Me han convidado hoy a esbozar palabras en torno de mí y la poesía. Y esto no puedo intentarlo sin antes decir de dónde vengo. Desde la demarcación final de los territorios nacionales, mi tierra se yergue, dolorosa, sobre la memoria reciente y palpable del genocidio de los pueblos del wallmapu, del exterminio de miles de habitantes de las tierras australes que aún cantan en la voz de Lola Kiepja a una cordillera mágica de estrellas en el cielo. Un pequeño y gran mundo en el que nunca se callaron las lenguas milenarias, evidentes en el nombre de los ríos, los cerros, las plantas. Mientras, se suspenden leyes, se retardan los relevamientos territoriales, cuando todo ello echaría un poco de equidad entre tanto y todo los que se les debe. Aun así, brotan miles de jardines de poesía y las poetas nos han mostrado senderos y recorridos profundos, desviados, de los caminos esperados.

De pie, sobre la meseta,
me hipnotizaba el reverbero del horizonte.
Como un nudo de luz
oscilaba el destello sin perfiles.
En ríos de serpientes huían los límites
de la tierra y del aire.
Fue una invitación remota a paraísos azules,
un túnel de silencio metálico
para abismar cabelleras y gemidos.

Así dice Irma Cuña en su clásico “Patagónica”.

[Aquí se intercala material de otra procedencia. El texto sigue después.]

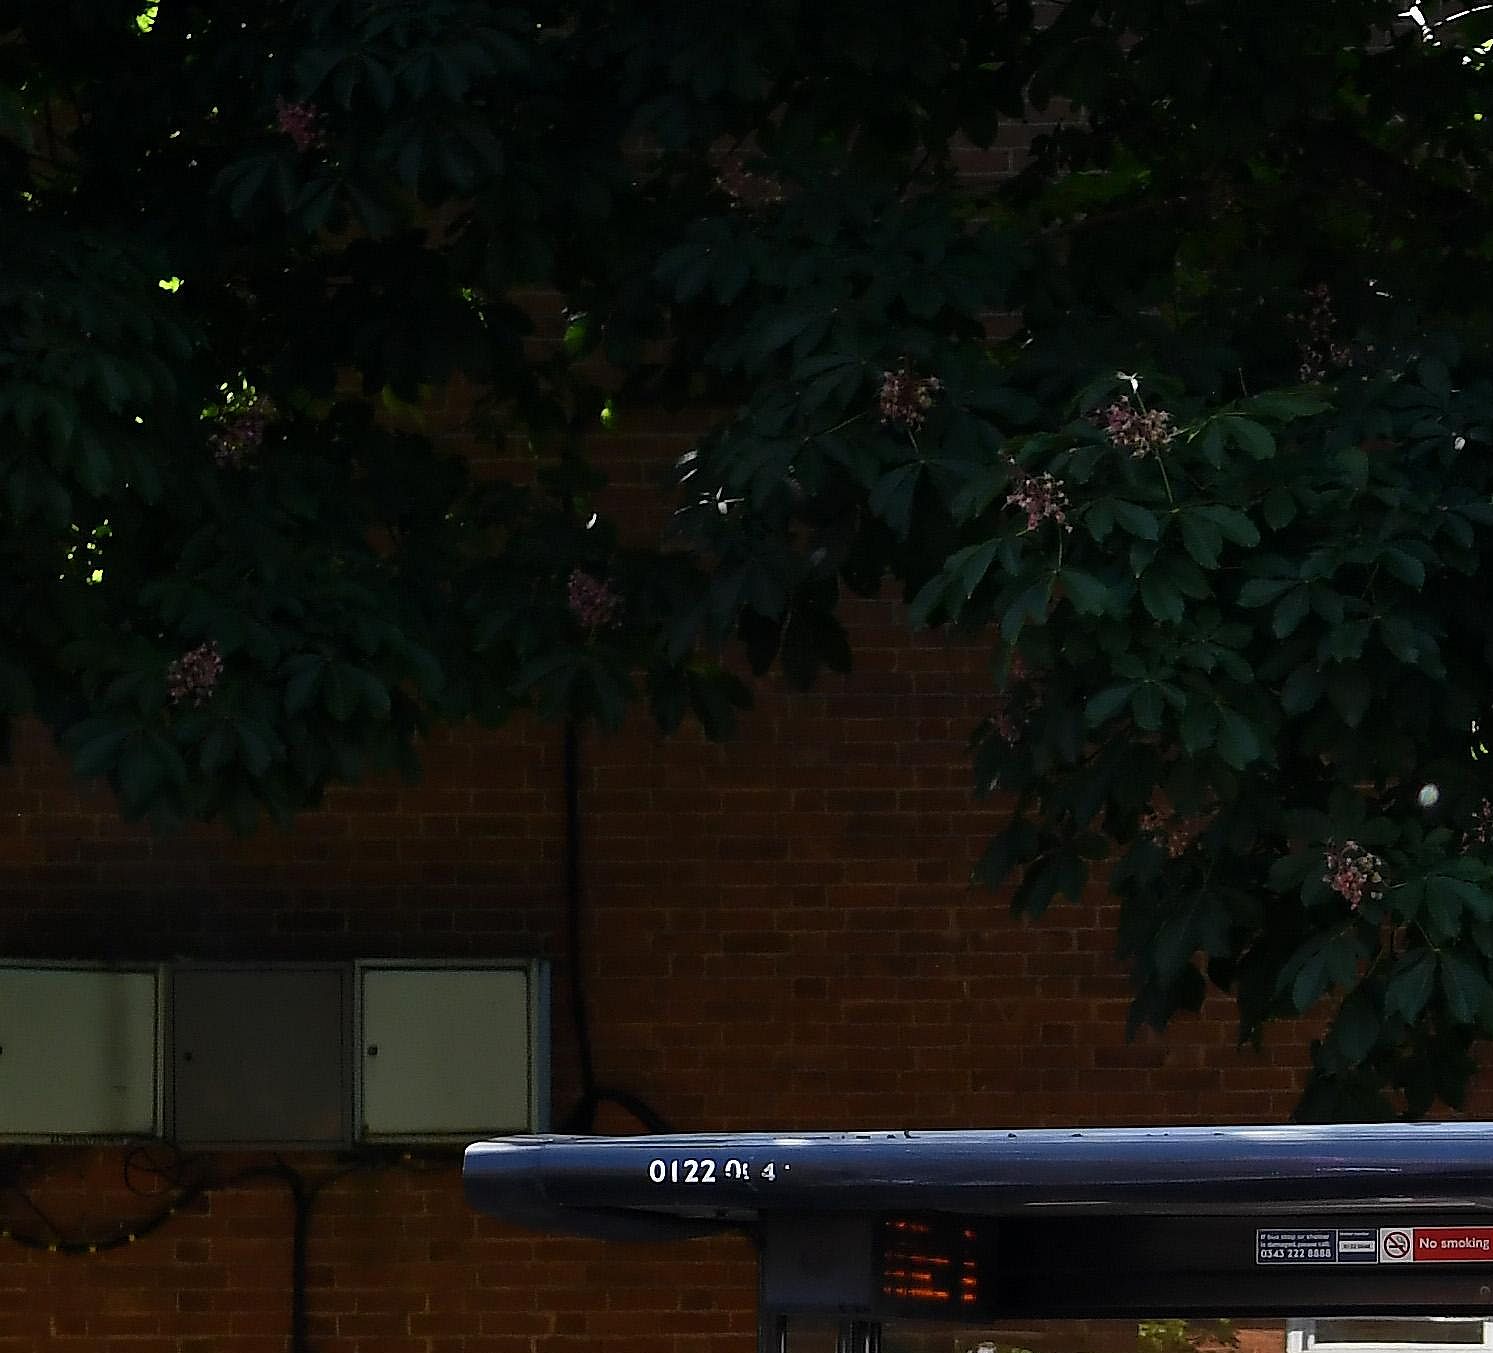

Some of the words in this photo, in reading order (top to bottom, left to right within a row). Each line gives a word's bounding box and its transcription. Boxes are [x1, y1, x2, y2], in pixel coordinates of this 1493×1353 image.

[650, 1160, 715, 1182] 0122
[1420, 1239, 1436, 1249] No
[1441, 1238, 1489, 1250] smoking
[1261, 1249, 1284, 1258] 0343
[1288, 1249, 1304, 1258] 222
[1307, 1249, 1331, 1257] 8888

Y, como una flor entre mil de flores, como quien nos alcanza una piedrita de río, Macky Corbalán nos entrega, en las Conversaciones de la noche del amor, una posible cifra:

El temblor del lenguaje, esa
reverberación puede ser poesía.

Nací en Zapala, nombre castellanizado del mapuzugun Chapazla, una pequeña ciudad ubicada en el centro de la provincia de Neuquén, Patagonia. Algunas traducciones aseguran que chapazla significa pantano muerto. Coagula en esta palabra la humedad evocada, el verdor del mallín que, tutelado por el cerro Michacheo, asoma pantanal para constatar que pisamos sobre el codiciado tesoro acuífero, aunque la sequedad de la meseta lo desmienta. Este espacio, que nunca fue para mí mero paisaje ni menos desierto, se me revela hoy, junto con el valle del Limay y del Neuquén, como el universo al cual creo pertenecer: una región afincada en el interior de mi existencia, por saberla transmutada en palabras que elijo compartir y ofrendar, mínima, al gran río total de la poesía.

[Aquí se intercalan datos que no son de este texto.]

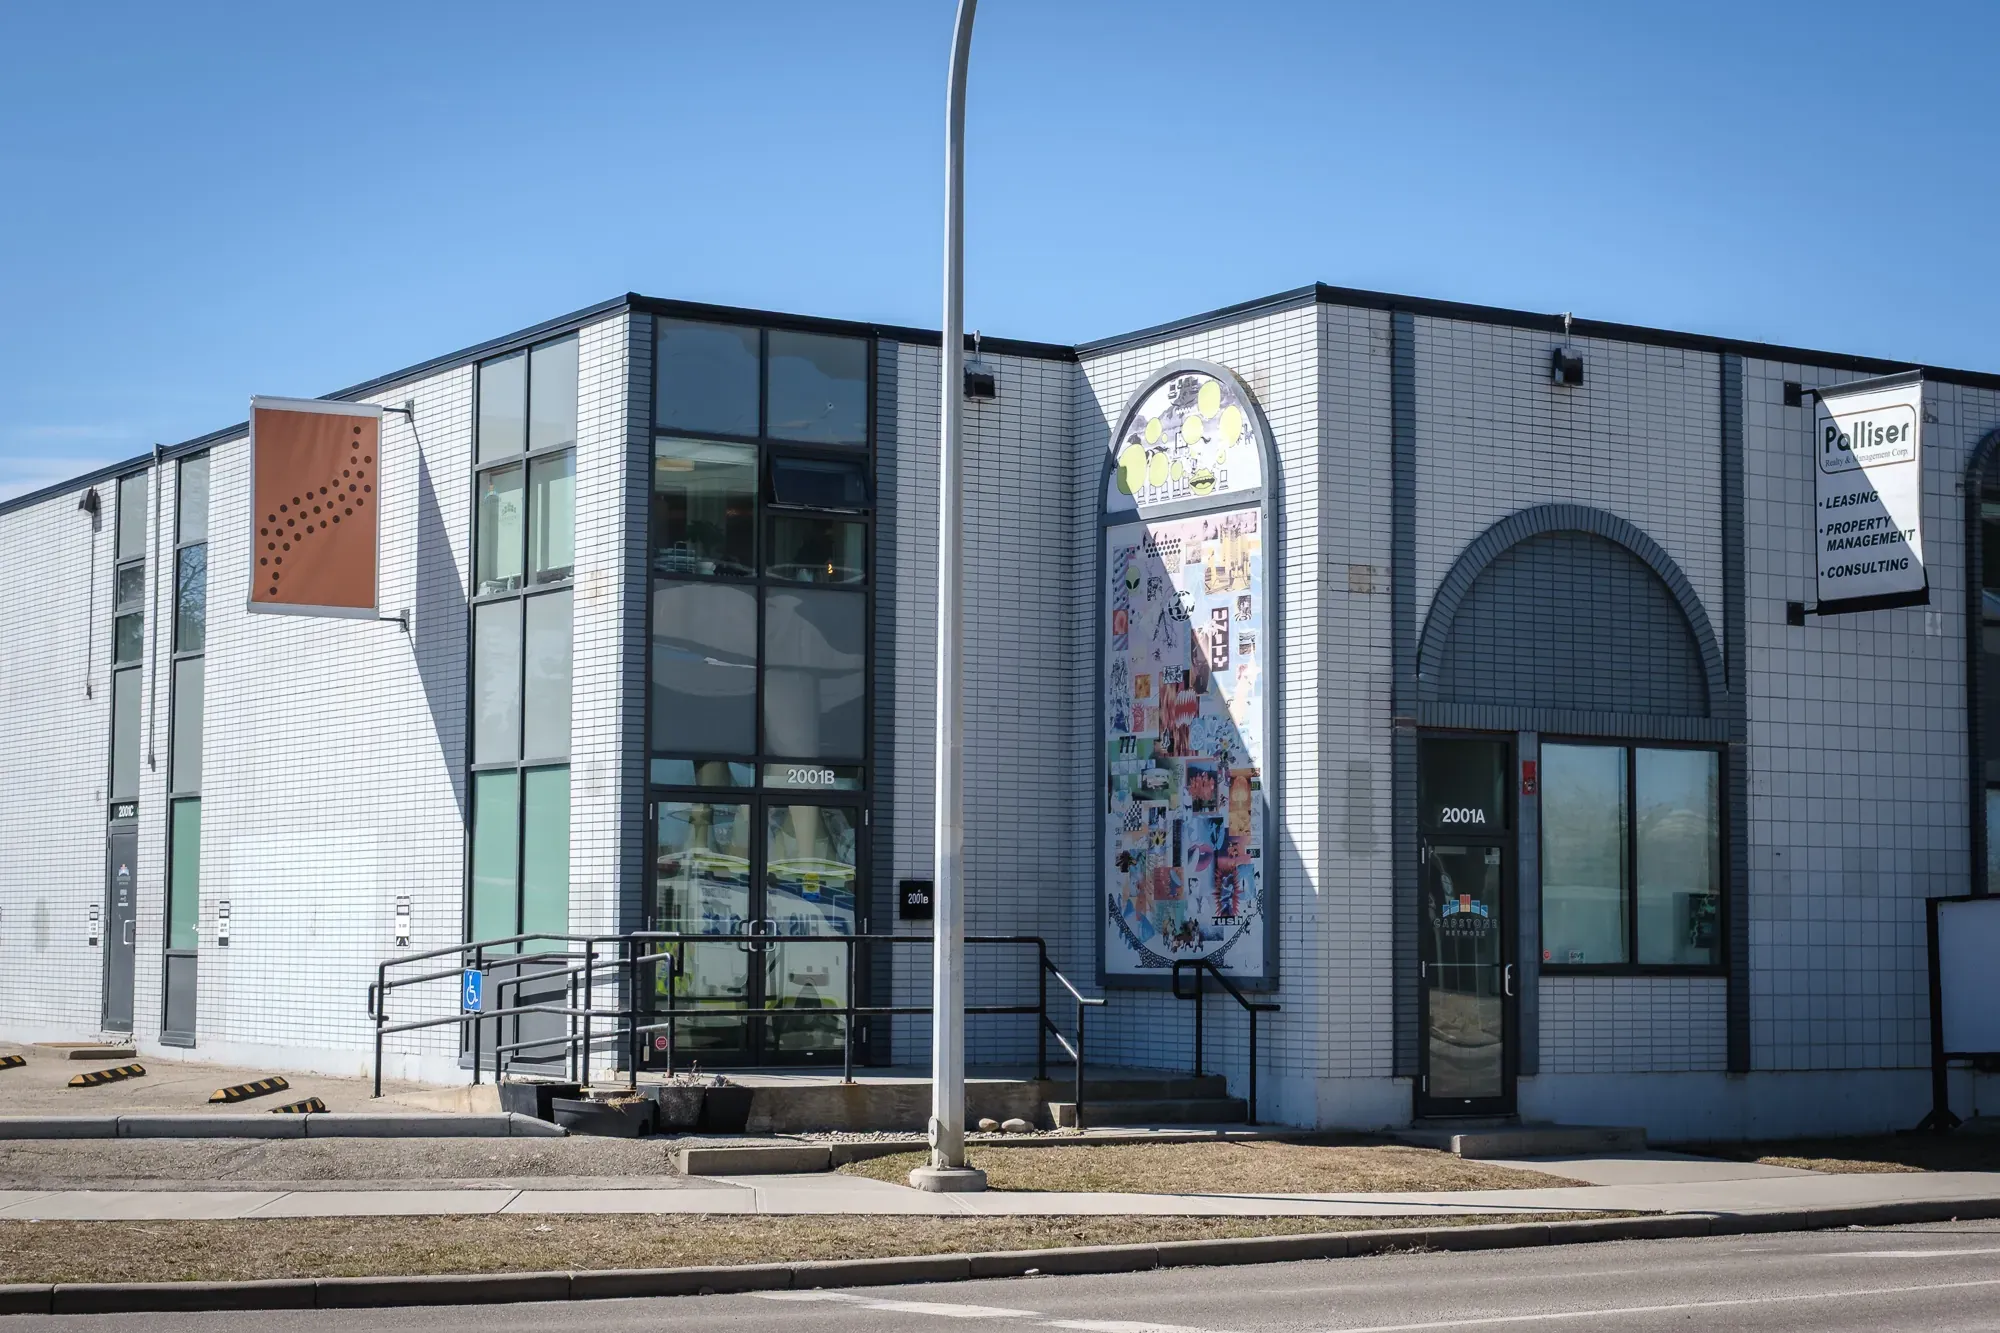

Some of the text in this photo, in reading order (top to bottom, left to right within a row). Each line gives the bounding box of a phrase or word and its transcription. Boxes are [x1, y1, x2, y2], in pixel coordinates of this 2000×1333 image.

[1826, 421, 1909, 453] Palliser
[1825, 457, 1843, 467] Realty
[1853, 452, 1890, 462] Management
[1826, 490, 1878, 509] LEASING
[1826, 515, 1891, 536] PROPERTY
[1826, 529, 1915, 552] MANAGEMENT
[1827, 557, 1909, 578] CONSULTING
[1212, 609, 1228, 667] UNITY
[1119, 735, 1136, 753] 777
[787, 769, 835, 784] 2001B
[118, 805, 134, 817] 2001C
[1442, 807, 1485, 823] 2001A
[1211, 915, 1243, 925] rush
[1433, 918, 1497, 928] CAPSTONE

Soy hija de Margarita Parra y de Juan Pelayo Mellado. Mis bisabuelos maternos vinieron desde Cura Cautín, Chile, a Bajada del Agrio. Mi bisabuela paterna y su familia habrán llegado también desde algún punto, no muy lejano, a Sañicó, un paraje que supo tener cierto esplendor en torno a la ganadería. De aquellas familias huachas –que, como tantas, pivotearon entre hostiles chacras, la cría de chivos y el duro trabajo de las minas– provienen mi madre y padre quienes, un poco menos nómades, se instalaron en Zapala apenas antes de mi nacimiento. Éramos la gente que ensanchaba el pueblo engordado con migrantes de distintos, cercanos y lejanos lugares.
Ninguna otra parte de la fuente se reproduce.